Created attachment 199328 [details]
this is the core.txt. that is all I have. from the command crashinfo -k /boot/kernel/kernel vmcore.6
The system panics when there are a lot 10+ ppp connections
Architecture Version: 2
Dump Length: 147546112
Dumptime: Sun Nov 18 20:15:11 2018
Magic: FreeBSD Kernel Dump
Version String: FreeBSD 11.2-STABLE #9 r340586M: Sun Nov 18 18:06:09 -02 2018
Panic String: page fault
Dump Parity: 763915341
Dump Status: good
the server is a tunnel server runs ppp from inetd with the entry:
ppp-in stream tcp nowait/0/1800/0 root /usr/sbin/ppp ppp -direct ppp-in
at some point in time, minutes, hours... the system panics.. in the ppp program, seems like there is a bug in one of the ng_xxx module... the system works find in FreeBSD 10.4 the same kernel no bt is available.
Created attachment 199337 [details]
another panic... seems that a problem in routing socket
Another panic, seems a bad pointer /usr/src/sys/net/rtsock.c:1916
this time I got full crashinfo with kgdb and gdb.
Created attachment 199339 [details]
it puts a test for null pointer at rtsock.c:1559
Created attachment 199511 [details]
remove code that panics the system due to invalid memory access
The panic happens when the code: both i386 and amd64
info.rti_info[RTAX_IFP] = rt->rt_ifp->if_addr->ifa_addr;
at /usr/src/sys/net/rtsock.c near line 1568 the code tries to access rt->rt_ifp->if_addr->ifa_addr, but because rt->rt_ifp points to an already freed memory, and the pointer is NOT NULL, probably because the free code does not nulls the pointer. or a race condition in the code, the system panics at page fault in kernel mode
The patch removes the line from the rtsock.c for a while until some guru tracks the race condition or fixes the pointer to a null value after rt->rt_ifp is freed and so a test can be done..
the server in test holds many (100+) pppoi connections that changes every time, the server runs routed with flags=-s so the route tables are stressed in add/delete routes all the time... sometimes it panics in seconds, sometimes after hours... Now with this patch, it is working 24/7 for some days...
A commit references this bug:
Date: Tue Nov 27 09:04:07 UTC 2018
New revision: 341008
Fix possible panic during ifnet detach in rtsock.
The panic can happen, when some application does dump of routing table
using sysctl interface.

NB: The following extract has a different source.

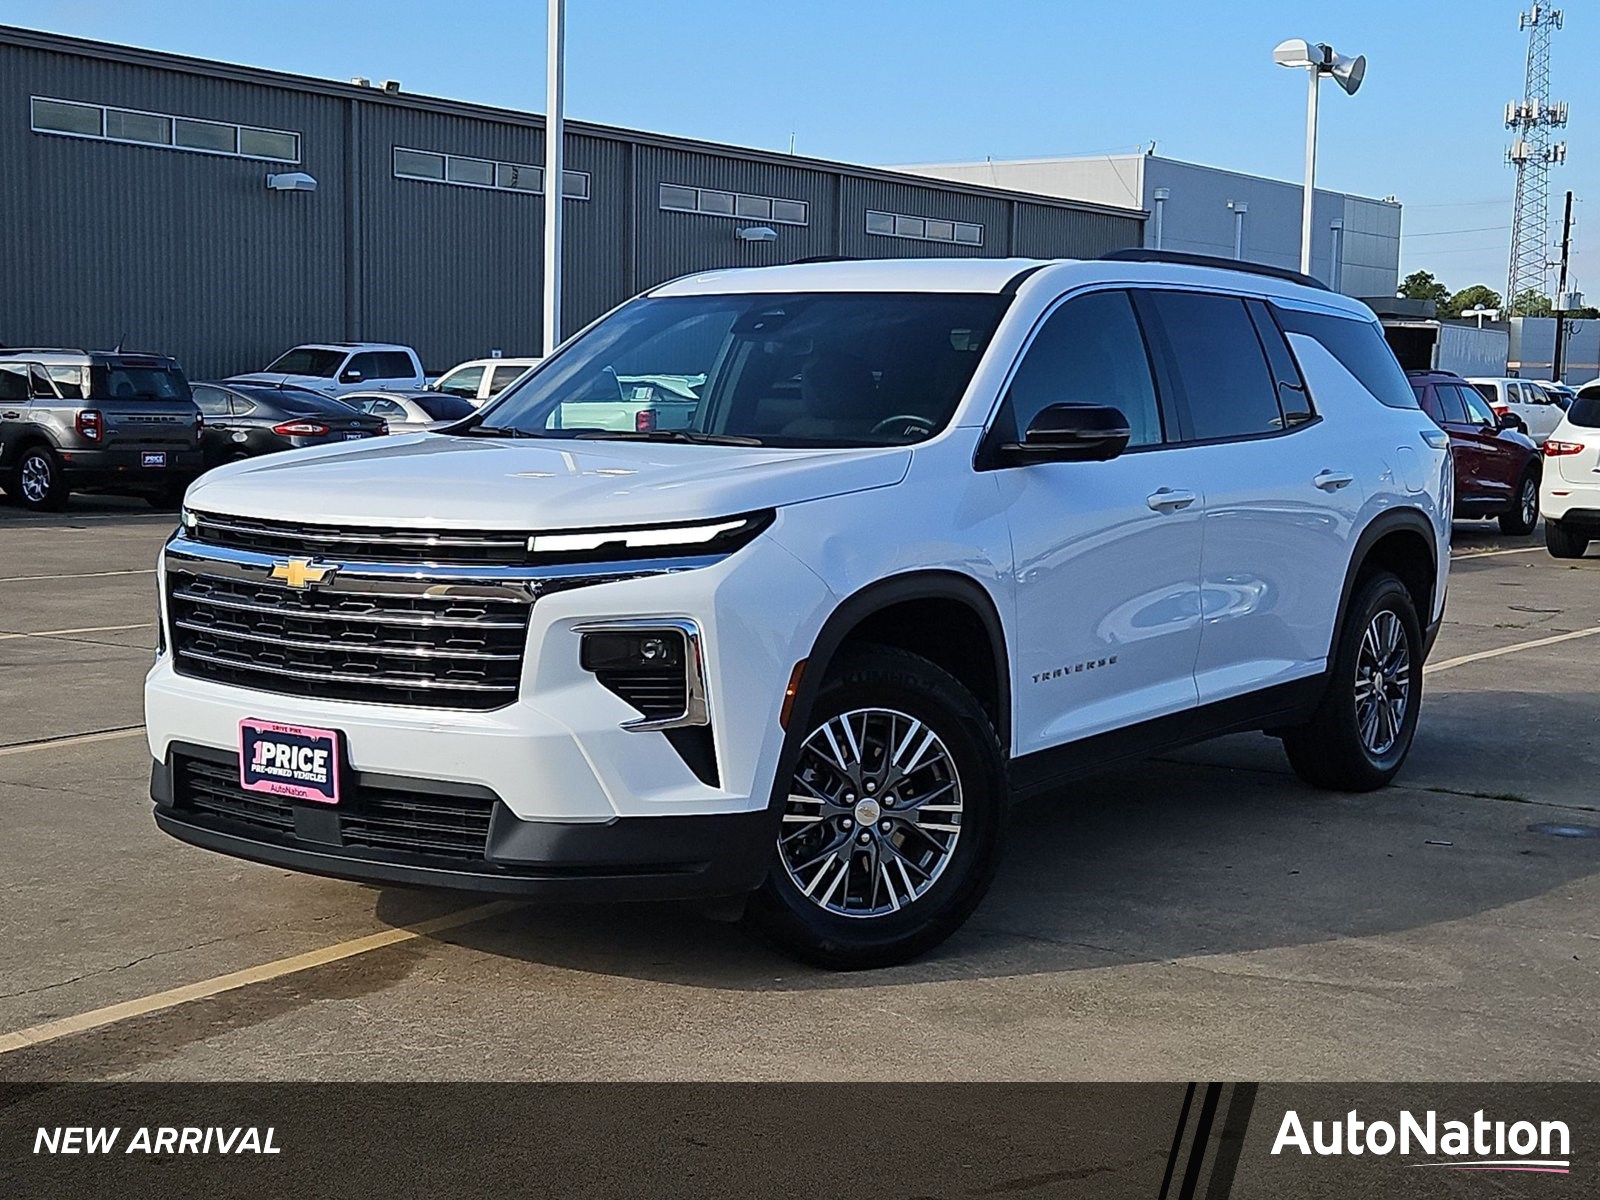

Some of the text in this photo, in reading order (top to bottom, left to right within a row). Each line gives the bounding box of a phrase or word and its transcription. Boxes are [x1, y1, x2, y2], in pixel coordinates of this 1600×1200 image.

[1032, 656, 1118, 683] TRAVERSE
[251, 764, 327, 783] PRE-OWNED VEHICLES
[270, 784, 308, 797] AutoNation
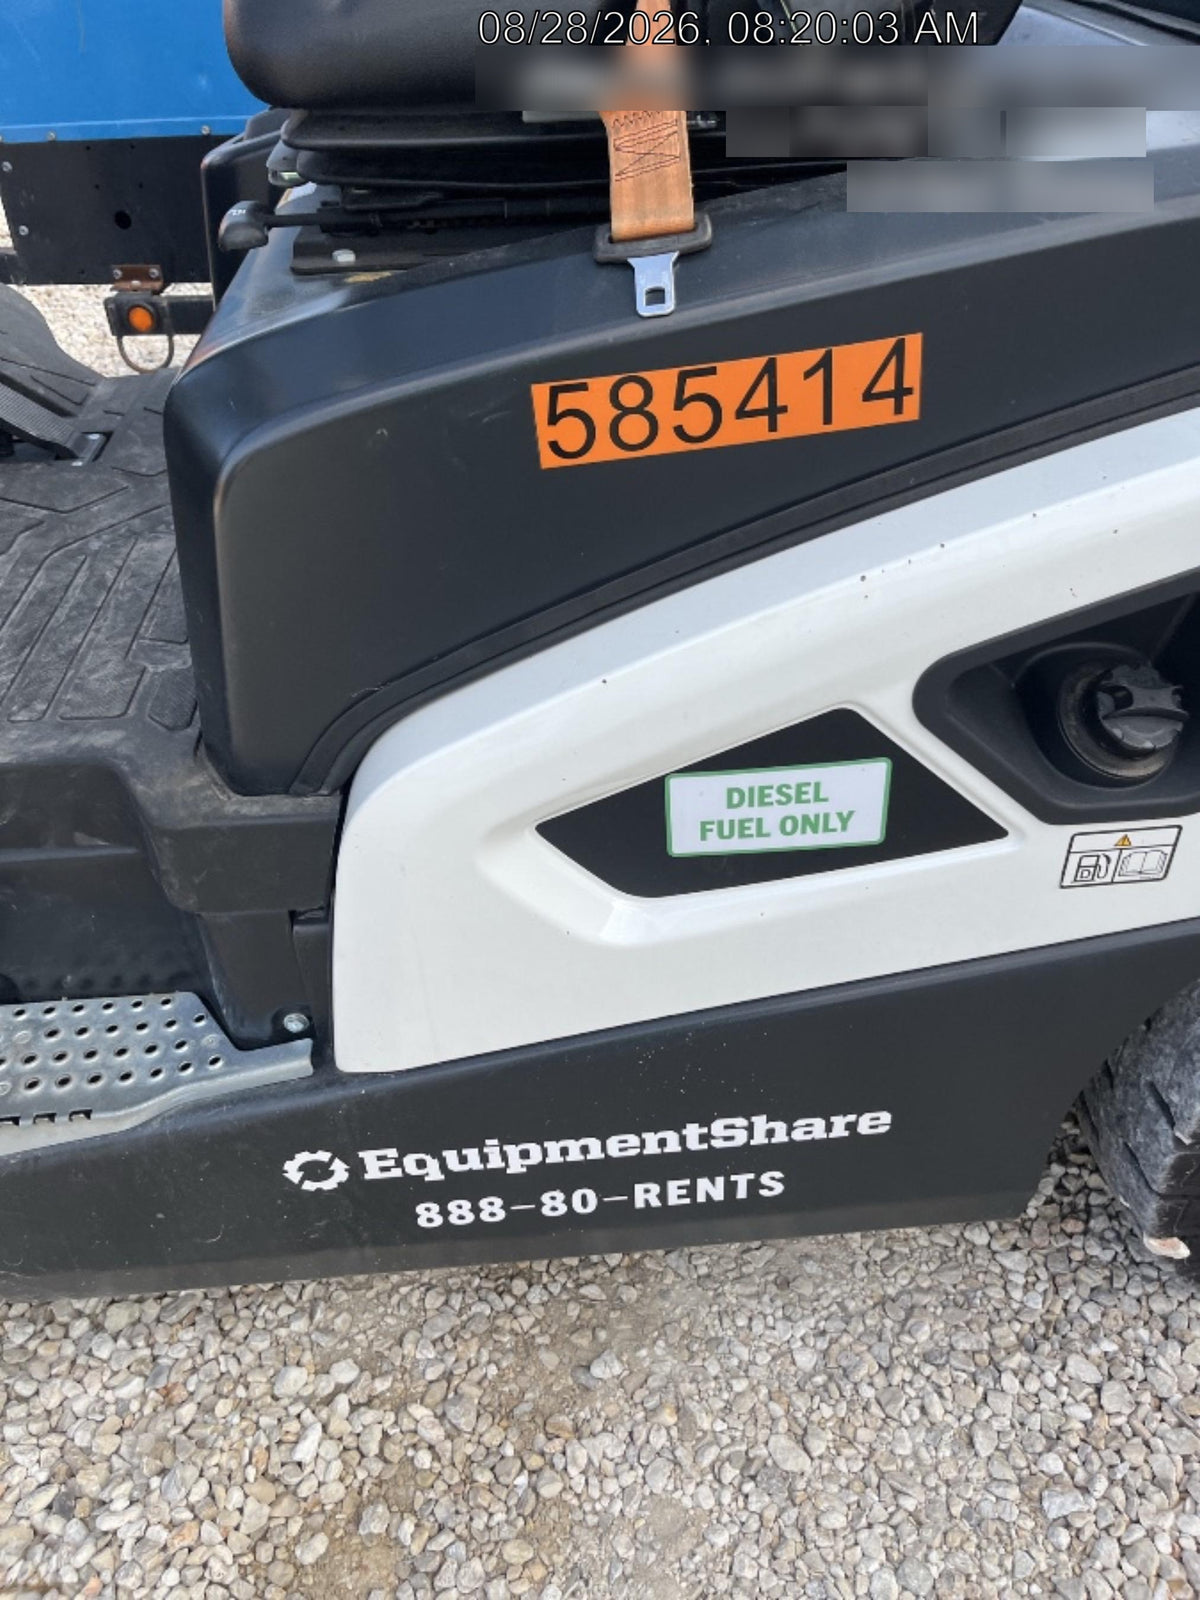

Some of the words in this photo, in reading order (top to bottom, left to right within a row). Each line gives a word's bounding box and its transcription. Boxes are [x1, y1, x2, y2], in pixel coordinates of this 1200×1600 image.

To prevent this, set IFF_DYING flag in
if_detach_internal() function, when ifnet under lock is removed from
the chain. In sysctl_rtsock() take IFNET_RLOCK_NOSLEEP() to prevent
ifnet detach during routes enumeration. In case, if some interface was
detached in the time before we take the lock, add the check, that ifnet
is not DYING. This prevents access to memory that could be freed after
ifnet is unlinked.
PR: 227720, 230498, 233306
Reviewed by: bz, eugen
MFC after: 1 week
Sponsored by: Yandex LLC
Differential Revision: https://reviews.freebsd.org/D18338